Directions for this task. Down to the final character, output the records below as they stand.
[[ Data supplied, beginning ]]
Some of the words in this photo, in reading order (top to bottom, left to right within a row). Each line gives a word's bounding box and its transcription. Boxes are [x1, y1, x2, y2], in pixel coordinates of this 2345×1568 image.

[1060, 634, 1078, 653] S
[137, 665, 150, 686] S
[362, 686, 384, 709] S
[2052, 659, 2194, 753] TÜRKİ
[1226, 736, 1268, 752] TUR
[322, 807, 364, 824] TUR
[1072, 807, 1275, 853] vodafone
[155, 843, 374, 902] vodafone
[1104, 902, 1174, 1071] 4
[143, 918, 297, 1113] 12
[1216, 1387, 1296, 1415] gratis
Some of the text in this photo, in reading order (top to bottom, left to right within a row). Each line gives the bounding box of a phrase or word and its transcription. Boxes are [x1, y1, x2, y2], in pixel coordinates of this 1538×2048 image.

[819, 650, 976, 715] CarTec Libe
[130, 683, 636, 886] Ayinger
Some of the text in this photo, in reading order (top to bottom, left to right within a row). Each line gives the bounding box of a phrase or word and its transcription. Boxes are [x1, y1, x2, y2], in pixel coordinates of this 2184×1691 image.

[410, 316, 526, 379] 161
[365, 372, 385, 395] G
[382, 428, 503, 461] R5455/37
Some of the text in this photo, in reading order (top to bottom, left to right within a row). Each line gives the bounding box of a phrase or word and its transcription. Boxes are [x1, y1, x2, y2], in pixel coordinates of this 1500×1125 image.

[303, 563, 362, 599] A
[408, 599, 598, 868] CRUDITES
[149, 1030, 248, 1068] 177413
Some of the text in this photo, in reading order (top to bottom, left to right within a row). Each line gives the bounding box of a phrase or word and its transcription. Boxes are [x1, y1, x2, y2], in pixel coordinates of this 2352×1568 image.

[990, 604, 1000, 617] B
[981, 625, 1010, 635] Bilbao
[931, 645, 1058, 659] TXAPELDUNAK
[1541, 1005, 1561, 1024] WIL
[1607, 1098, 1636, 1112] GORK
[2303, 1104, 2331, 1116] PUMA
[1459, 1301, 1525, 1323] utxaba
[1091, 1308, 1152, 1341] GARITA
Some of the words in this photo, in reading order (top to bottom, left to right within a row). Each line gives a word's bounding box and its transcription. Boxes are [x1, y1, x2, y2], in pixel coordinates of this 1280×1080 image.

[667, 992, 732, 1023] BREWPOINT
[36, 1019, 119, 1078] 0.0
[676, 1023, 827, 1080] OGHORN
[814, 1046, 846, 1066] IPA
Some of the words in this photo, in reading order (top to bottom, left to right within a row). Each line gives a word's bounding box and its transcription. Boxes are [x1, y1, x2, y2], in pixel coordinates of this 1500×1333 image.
[[ Data supplied, end ]]
Response.
Some of the words in this photo, in reading order (top to bottom, left to right within a row). Each line gives a word's bounding box and its transcription. Boxes are [x1, y1, x2, y2], in pixel coordinates of this 2345×1568 image.

[1060, 634, 1078, 653] S
[137, 665, 150, 686] S
[362, 686, 384, 709] S
[2052, 659, 2194, 753] TÜRKİ
[1226, 736, 1268, 752] TUR
[322, 807, 364, 824] TUR
[1072, 807, 1275, 853] vodafone
[155, 843, 374, 902] vodafone
[1104, 902, 1174, 1071] 4
[143, 918, 297, 1113] 12
[1216, 1387, 1296, 1415] gratis
Some of the text in this photo, in reading order (top to bottom, left to right within a row). Each line gives the bounding box of a phrase or word and its transcription. Boxes are [x1, y1, x2, y2], in pixel coordinates of this 1538×2048 image.

[819, 650, 976, 715] CarTec Libe
[130, 683, 636, 886] Ayinger
Some of the text in this photo, in reading order (top to bottom, left to right within a row). Each line gives the bounding box of a phrase or word and its transcription. Boxes are [x1, y1, x2, y2], in pixel coordinates of this 2184×1691 image.

[410, 316, 526, 379] 161
[365, 372, 385, 395] G
[382, 428, 503, 461] R5455/37
Some of the text in this photo, in reading order (top to bottom, left to right within a row). Each line gives the bounding box of a phrase or word and its transcription. Boxes are [x1, y1, x2, y2], in pixel coordinates of this 1500×1125 image.

[303, 563, 362, 599] A
[408, 599, 598, 868] CRUDITES
[149, 1030, 248, 1068] 177413
Some of the text in this photo, in reading order (top to bottom, left to right within a row). Each line gives the bounding box of a phrase or word and its transcription. Boxes are [x1, y1, x2, y2], in pixel coordinates of this 2352×1568 image.

[990, 604, 1000, 617] B
[981, 625, 1010, 635] Bilbao
[931, 645, 1058, 659] TXAPELDUNAK
[1541, 1005, 1561, 1024] WIL
[1607, 1098, 1636, 1112] GORK
[2303, 1104, 2331, 1116] PUMA
[1459, 1301, 1525, 1323] utxaba
[1091, 1308, 1152, 1341] GARITA
Some of the words in this photo, in reading order (top to bottom, left to right within a row). Each line gives a word's bounding box and its transcription. Boxes are [x1, y1, x2, y2], in pixel coordinates of this 1280×1080 image.

[667, 992, 732, 1023] BREWPOINT
[36, 1019, 119, 1078] 0.0
[676, 1023, 827, 1080] OGHORN
[814, 1046, 846, 1066] IPA
Some of the words in this photo, in reading order (top to bottom, left to right within a row). Each line gives a word's bounding box and its transcription. Boxes are [x1, y1, x2, y2], in pixel coordinates of this 1500×1333 image.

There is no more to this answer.